Use of principal component analysis to investigate the origin of heptadecenoic and conjugated linoleic acids in milk.

The aim of this paper was the application of principal component analysis (PCA) 1) to elucidate mutual metabolic relationships between milk fatty acids (FA) and 2) to illustrate the origin of milk FA, in particular C17:1 and cis-9,trans-11 conjugated linoleic acid. Data were combined from 3 experiments with lactating Holstein-Friesian cows offered diets based on grass or legume silage and concentrates. Loading plots of PCA based on milk FA concentrations showed 4 groups of milk FA, having similar precursors or metabolic pathways in the rumen and/or mammary gland: medium-chain saturated FA, de novo synthesized from acetate and beta-hydroxybutyrate; monoenoic milk FA, products of delta9-desaturase activity in the mammary gland; odd chain FA of rumen microbial origin and C18:0, n-6 C18:2, and n-3 C18:3 of dietary origin or the result of rumen biohydrogenation.

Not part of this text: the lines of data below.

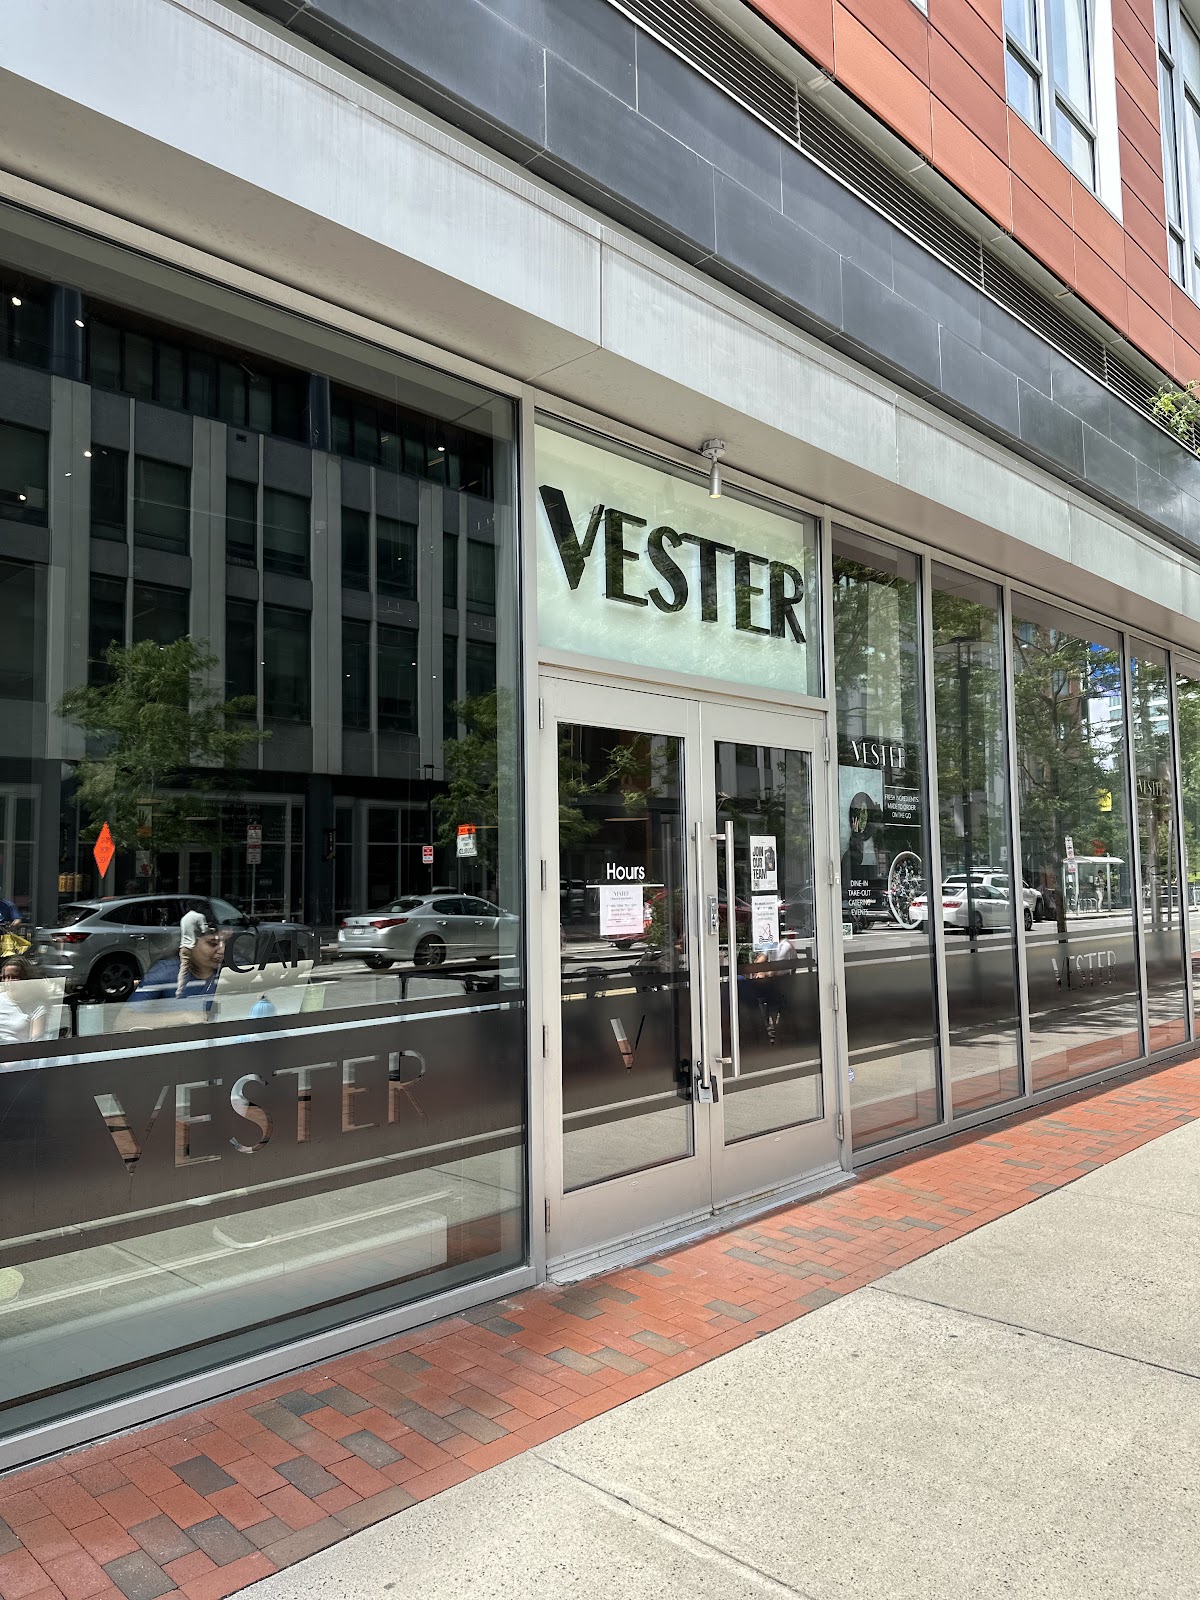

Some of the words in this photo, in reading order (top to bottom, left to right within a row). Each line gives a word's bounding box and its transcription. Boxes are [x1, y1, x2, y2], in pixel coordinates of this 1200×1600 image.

[538, 484, 807, 644] VESTER
[851, 740, 906, 769] VESTER
[752, 846, 764, 857] JOIN
[752, 858, 763, 868] OUR
[606, 862, 646, 880] Hours
[752, 869, 768, 880] TEAM
[847, 889, 871, 897] TAKE-OUT
[851, 908, 869, 916] EVENTS
[1051, 950, 1118, 992] VESTER
[93, 1050, 428, 1178] VESTER
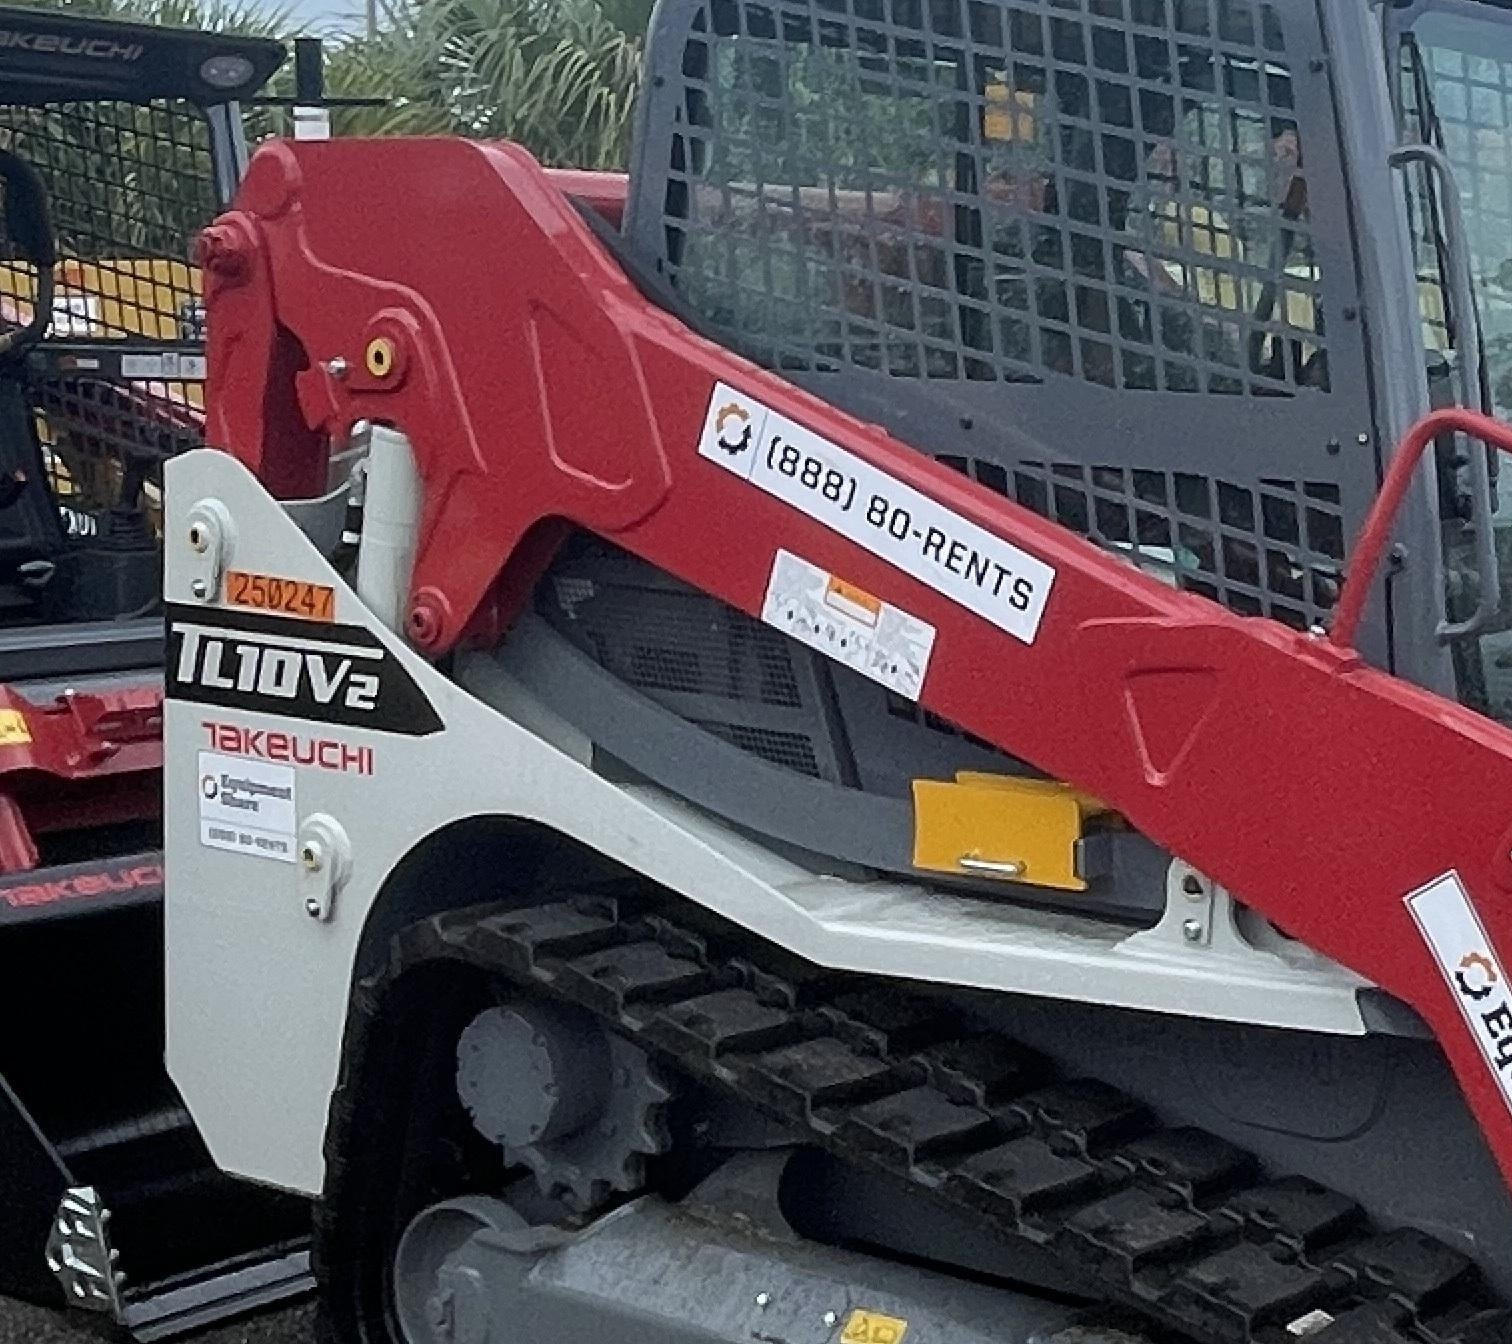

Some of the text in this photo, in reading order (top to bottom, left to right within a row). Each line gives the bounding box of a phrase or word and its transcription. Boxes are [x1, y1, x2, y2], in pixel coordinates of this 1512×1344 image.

[766, 436, 1034, 612] (888) 80-RENTS
[234, 572, 335, 618] 250247
[172, 622, 383, 710] TL10V2
[202, 721, 374, 775] TAKEUCHI

Loading plots of PCA based on both milk and duodenal FA concentrations as well as on milk FA yields and duodenal FA flows further illustrated the importance of postabsorptive synthesis of the milk medium chain saturated and monoenoic FA and the direct absorption from the blood stream of odd chain FA, C18:0, n-6 C18:2, and n-3 C18:3. In all loading plots, milk oleic acid (C18:1) appeared intermediate between clusters of 18-carbon FA and monoenoic FA, illustrating its dual (dietary and endogenous production) origin. Milk C17:1 was suggested to be a desaturation product of C17:0, in common with other milk monoenoic FA. Finally, the PCA technique, based on milk FA patterns of one experiment, was applied to investigate factors determining cis-9,trans-11 conjugated linoleic acid concentrations in milk. Within the range of diets and cows studied here, we showed changes in cis-9,trans-11 conjugated linoleic acid to be mainly dependent on vaccenic acid supply and to a lesser extent on variation in desaturase activity.